Throughout development, cells are programmed to die for homeostatic control. Corpse clearance is key for animals to avoid inflammation and auto-immune disease. To better understand the "eat me" signal of phosphatidylserine (PS) exposure for cell clearance, we are attempting to disrupt the externalization of PS on C. elegans polar bodies. The second polar body undergoes a non-apoptotic form of cell death, externalizes PS, and is cleared by embryonic cells during early development. PS exposure is known to be caused by lipid scramblases, enzymes present in the plasma membrane that translocate phospholipids between the leaflets of the lipid bilayer. However, the scramblases that regulate PS exposure in non-apoptotic dying cells are unknown.
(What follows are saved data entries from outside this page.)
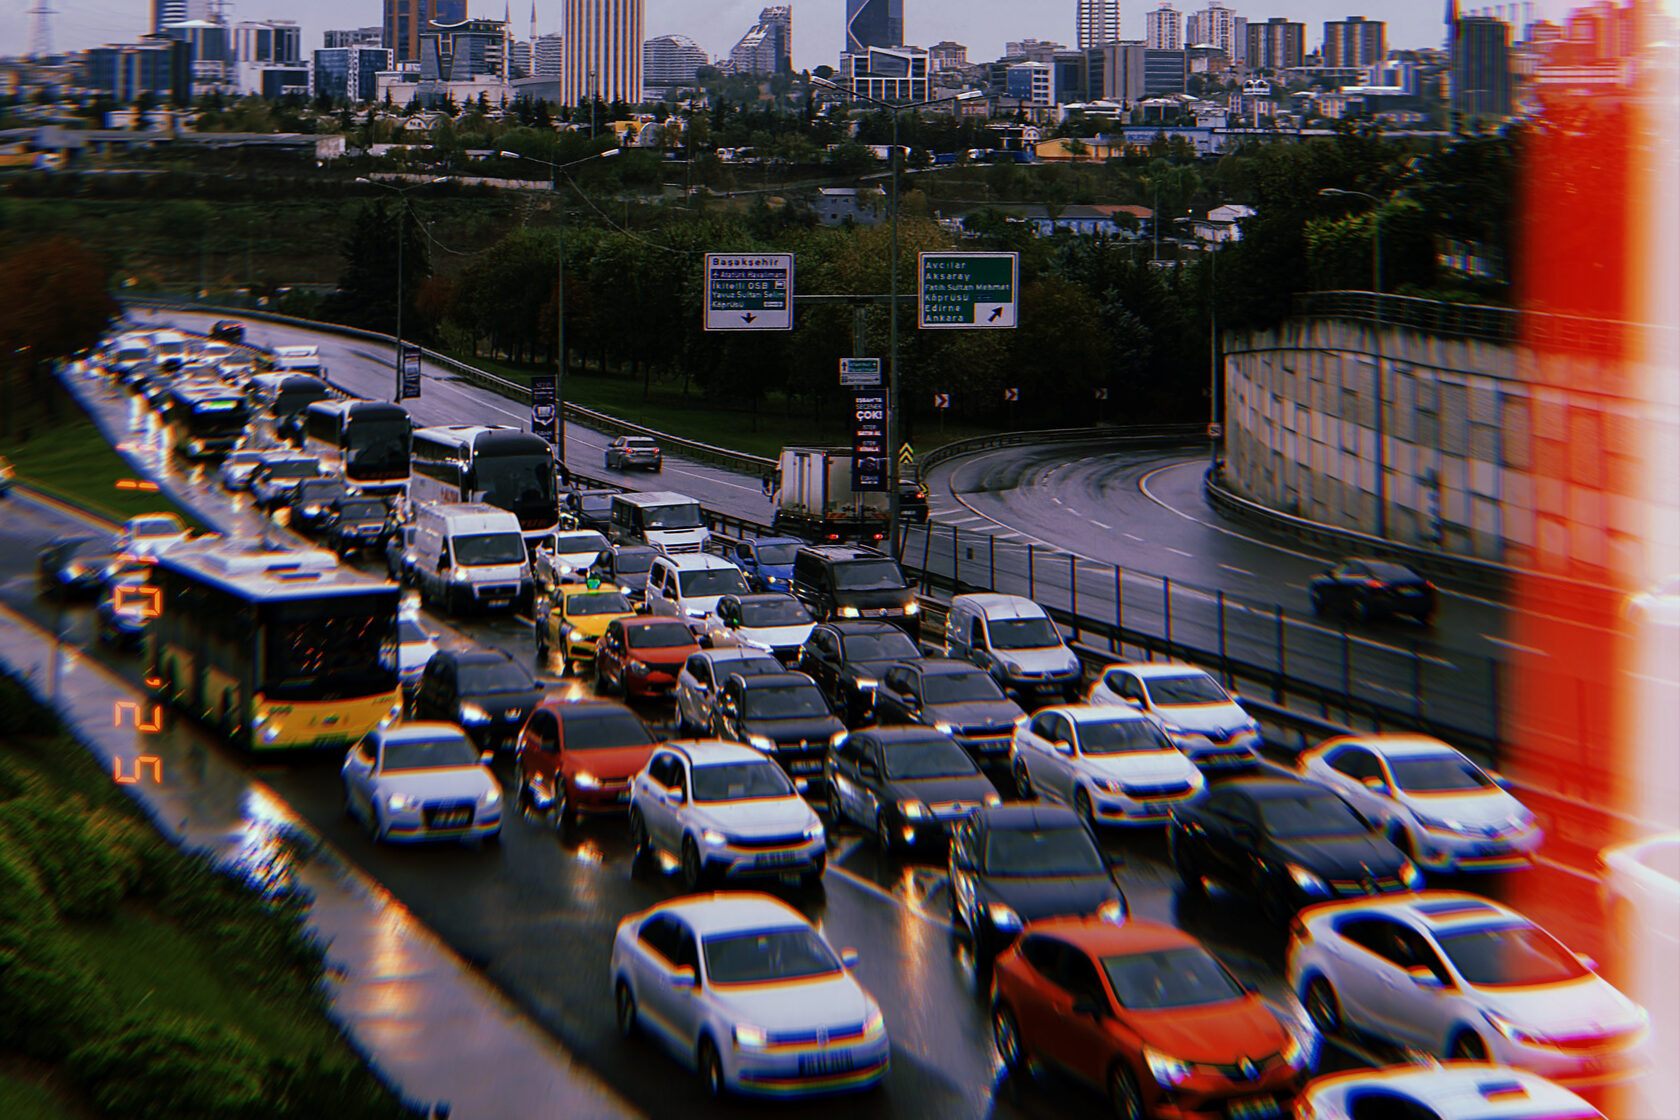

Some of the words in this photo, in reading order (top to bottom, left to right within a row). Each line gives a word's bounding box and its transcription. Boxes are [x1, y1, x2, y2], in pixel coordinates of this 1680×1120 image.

[712, 257, 780, 267] Başakşehir
[925, 261, 967, 269] Avcılar
[925, 272, 971, 281] Aksaray
[748, 282, 769, 290] OSB
[737, 290, 762, 298] Sultan
[925, 293, 970, 302] Köprüsü
[925, 304, 962, 312] Edirne
[925, 314, 965, 322] Ankara
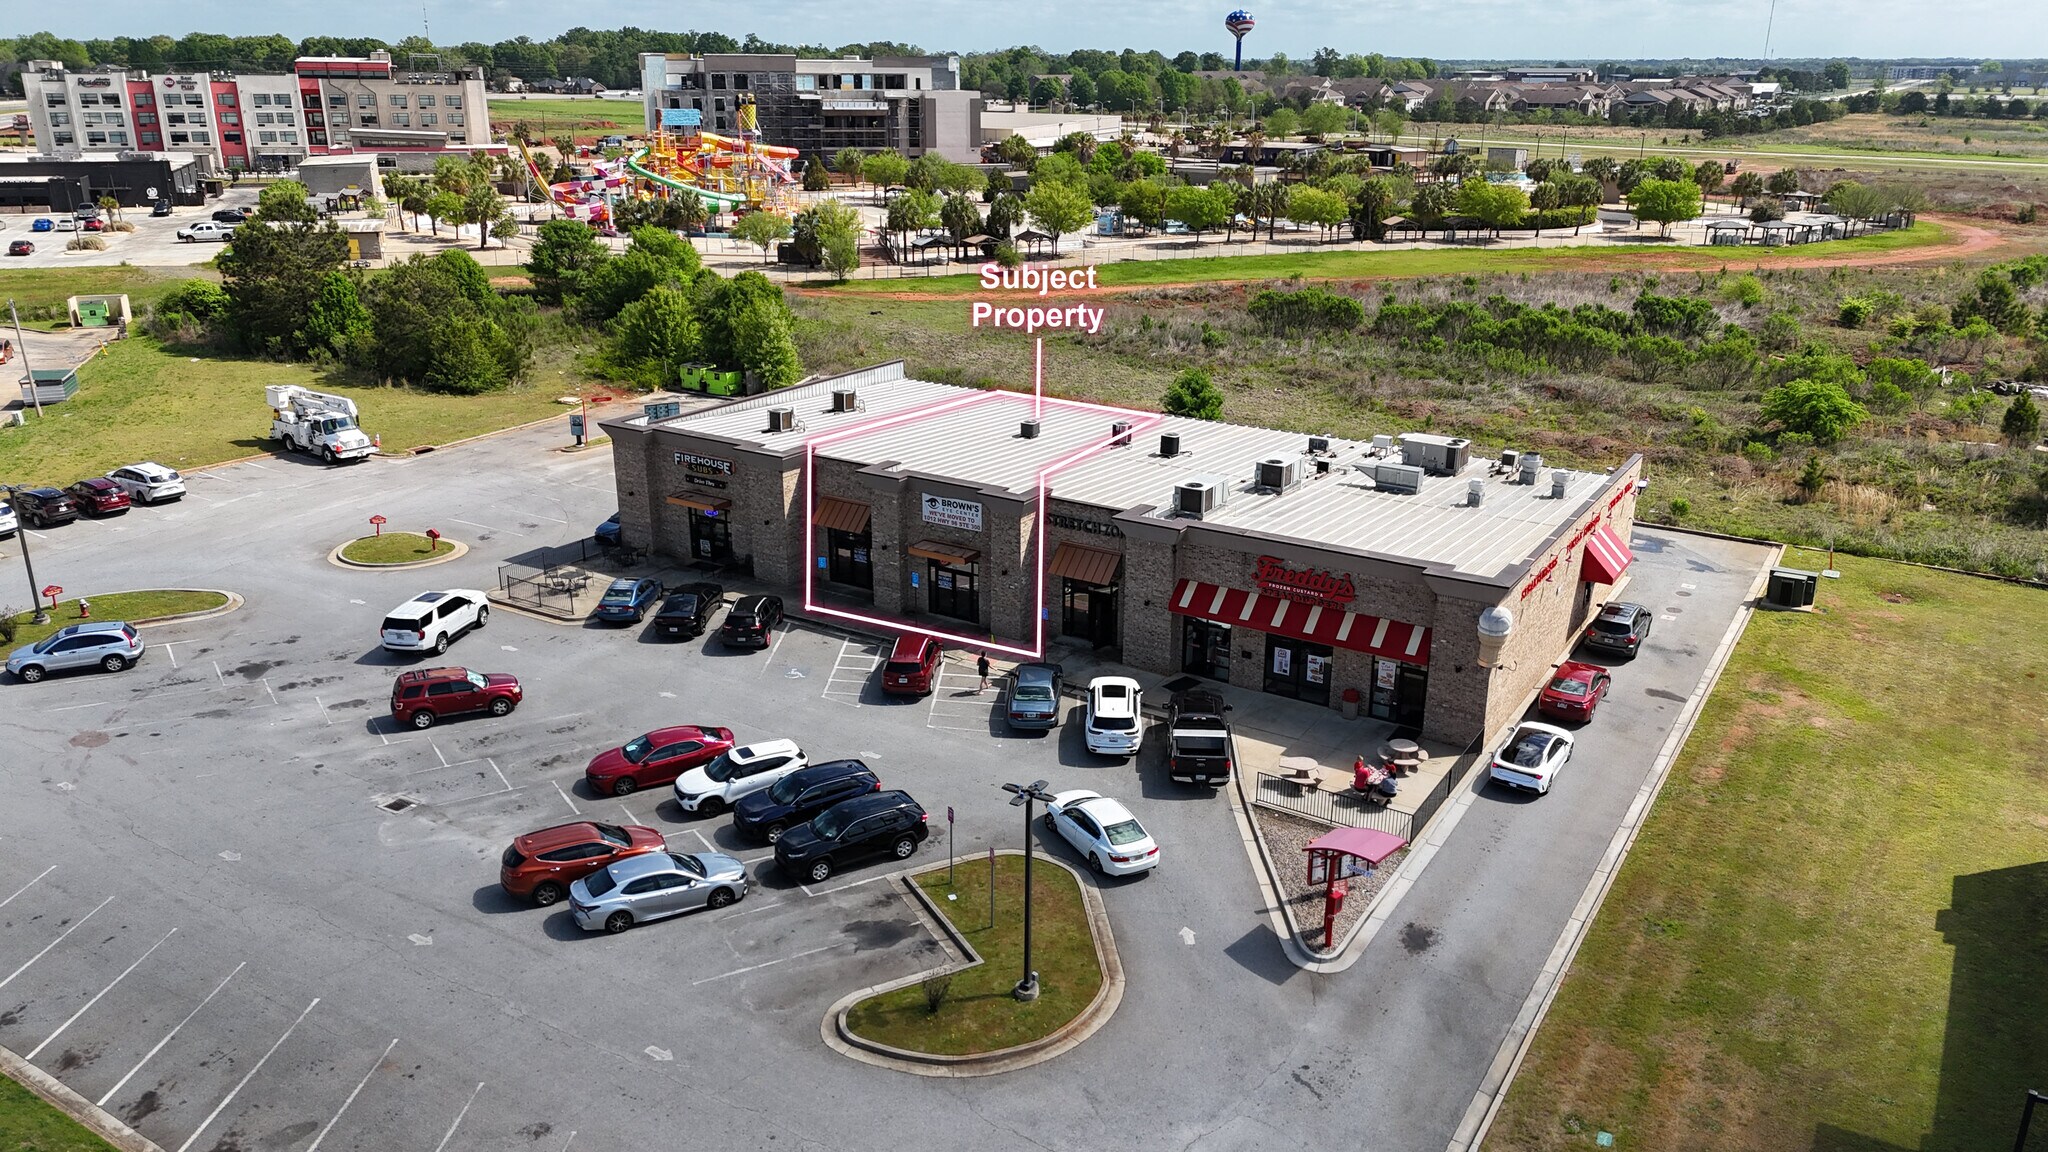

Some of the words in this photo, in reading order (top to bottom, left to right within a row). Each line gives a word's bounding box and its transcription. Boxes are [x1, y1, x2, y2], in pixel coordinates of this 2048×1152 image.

A combination of RNAi and the
ced-8(
n1891) loss-of-function allele suggested that the scramblase CED-8 plays a redundant role in externalizing PS on polar bodies with the mitochondrial factor WAH-1 as well as the scramblases SCRM-1, SCRM-2, and SCRM-3. As CED-8, WAH-1, and SCRM-1 are involved in PS externalization during apoptosis, we tested whether PS exposure depends upon the apoptotic caspase CED-3. However, PS was still externalized on polar bodies in
ced-3(
n717) mutants, confirming that scramblase activation is independent of the apoptotic pathway. To confirm the role of the redundant scramblases, we generated a
scrm-4 scrm-1 scrm-2;
scrm-3;
ced-8 quintuple scramblase mutant strain. These mutants still externalized PS on polar bodies, indicating that there are other ways to externalize PS on these cells. We are currently testing other scramblase proteins, including SCRM-6, SCRM-7, SCRM-8, and CED-7. Thus, we will define the molecular players in the regulation of PS exposure for non-apoptotic cell death, which will allow us to define the role of PS in phagocytic uptake as well as later steps of phagosome maturation.